“Had I been put in a position to manage great affairs, I would have shown what I could do.” Have you been able to think out and manage your life? You have performed the greatest work of all. —Michel Eyquem de Montaigne
Thank you for the harmony of berry blends.
Thank you to a hawk and an egret on a walk for pulling me back to the present.
Thank you for two cornerstones of thriving relationships of all kinds: solid, loving communication and trust. Respect could be a foundation. And on them is built freedom’s shelter? I don’t know.
Thank you for an owl fly-by above an evening stroll followed, a few yards later, by a shooting star as The Power of Love fed into my earbuds.
Thank you for an even more brilliant starlike spectacle during a walk last night as more random songs showered my ears with positivity.
Thank you for practice elevating others’ energy. Thank you for practice letting others elevate mine. (Smiles and such.)
Thank you for bouncy locks from a fresh trim.
Thank you if there is something I feel called toward. I do well when I ready myself to meet it.
Thank you for precision fermentation and cultured meat, not out of interest in engineered foods per se. Of interest is agricultural transformation.
Thank you for prayers that animal agriculture will be replaced with healthier models.
Thank you for relational savoring.
Thank you for dreams outside the lines.
Thank you for serious silliness.
Thank you not only for the greater sense of control over my life (the surrendering to right powers) lately but also for eagerness to live.
Thank you for moments open to guidance.
Thank you for beauty and love in a world (even one on the brink of collapse).
Thank you for a dream of feeding loved ones at home. Thank you for simple basics.
Thank you for the stacks at the local public library (Mythology, Religion, Self Help, Sociology, Civil Rights…) by the comfy seats in the corner.
Thank you for cycles of hunger and fullness every day.
Thank you again for more thoughts on healing. To move through self loathing involves not identifying with my problems. When I see my shortcomings as part of me, as how I am (“I’m a this or that”), it becomes much harder to rise.
When instead I see my less healthy bits as not integral to me, then I can observe them like objects held in my hands. I can face them, talk about them from a removed stance, explore what they serve, make amends for damage they’ve caused, etc. I may be able to release them, to realize higher potential.

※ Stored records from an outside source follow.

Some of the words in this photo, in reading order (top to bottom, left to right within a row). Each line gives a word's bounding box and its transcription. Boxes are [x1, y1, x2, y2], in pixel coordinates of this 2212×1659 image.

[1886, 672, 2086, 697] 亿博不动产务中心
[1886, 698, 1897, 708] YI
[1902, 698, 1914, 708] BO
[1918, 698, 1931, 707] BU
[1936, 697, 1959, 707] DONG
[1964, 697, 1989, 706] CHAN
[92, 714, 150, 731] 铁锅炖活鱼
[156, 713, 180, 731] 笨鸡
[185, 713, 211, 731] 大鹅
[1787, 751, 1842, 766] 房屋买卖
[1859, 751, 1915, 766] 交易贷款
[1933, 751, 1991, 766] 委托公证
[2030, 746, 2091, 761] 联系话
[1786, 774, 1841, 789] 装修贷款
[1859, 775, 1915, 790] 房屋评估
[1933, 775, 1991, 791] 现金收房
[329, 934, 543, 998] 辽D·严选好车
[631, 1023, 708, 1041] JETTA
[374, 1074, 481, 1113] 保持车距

Thank you for a dream that compared karma to a law of conservation of energy. Maybe, in the overall picture, what I put into my life is no more or less than what I will get out.
Thank you for yoga and a Hindu temple visit with G and O before they deposited me at the train station. Thank you for listening and talking, and for laughter. Thank you for deer sightings.

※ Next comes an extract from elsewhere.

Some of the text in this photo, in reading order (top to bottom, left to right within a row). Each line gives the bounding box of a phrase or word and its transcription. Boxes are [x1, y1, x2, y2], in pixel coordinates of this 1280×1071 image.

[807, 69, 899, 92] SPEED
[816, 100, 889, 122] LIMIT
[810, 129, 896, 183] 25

Thank you for a loving send off from the cottage family. Thank you for their acceptance and warmth this past year. Thank you for when we all will be together next.
Thank you for a quiet lady seat mate on the train. Thank you for a safe trip. Thank you for what may be a peaceful getaway until the C of O happens.
Thank you for the Southwest Chief conductor. Rather than laying down the law at the start of our journey, he requested over and over that we be kind and patient with each other, that we treat others how we’d want to be treated. Thank you for leadership cultivating kindness.
Thank you for reads that inspire. Thank you for Spinoza snippets, like this one, from a Goodwill find:
Of all things beyond my power, I value nothing more than friendship with people who sincerely love the truth, for I believe that of the things beyond our power, there is nothing in the world we can love with tranquility except such people.
Thank you for a full heart from opening the text message app and scrolling down the roster of loved ones and acquaintances and business contacts.
Thank you for chats (at the train depot).
Thank you for what’s seen as weird.
Thank you always for the times I try to choose the hard way, not because it’s hard per se, but when it seems wiser. Heeding the call enriches life.
Thank you for discomforts embraced. Thank you for their gifts of patience and calm. Thank you for efforts to face reality head on. (May they grow in all of us.)
Thank you for sometimes seeing through illusions. Making days more convenient may appear to enhance them. The reality, though, is that often convenience isolates us: shortcuts may unburden us of the need to cooperate, and so we’re deprived of connections rich with meaning. The easy way also removes effort, a mechanism that, combined with rest, generates “ahas.”
Thank you for the value in added texture.
Thank you for the right kinds of challenges (honest and patient, selfless yet self-respecting, upright with integrity…)
Wishing us the wisdom to exalt noble efforts and the mindfulness to savor them.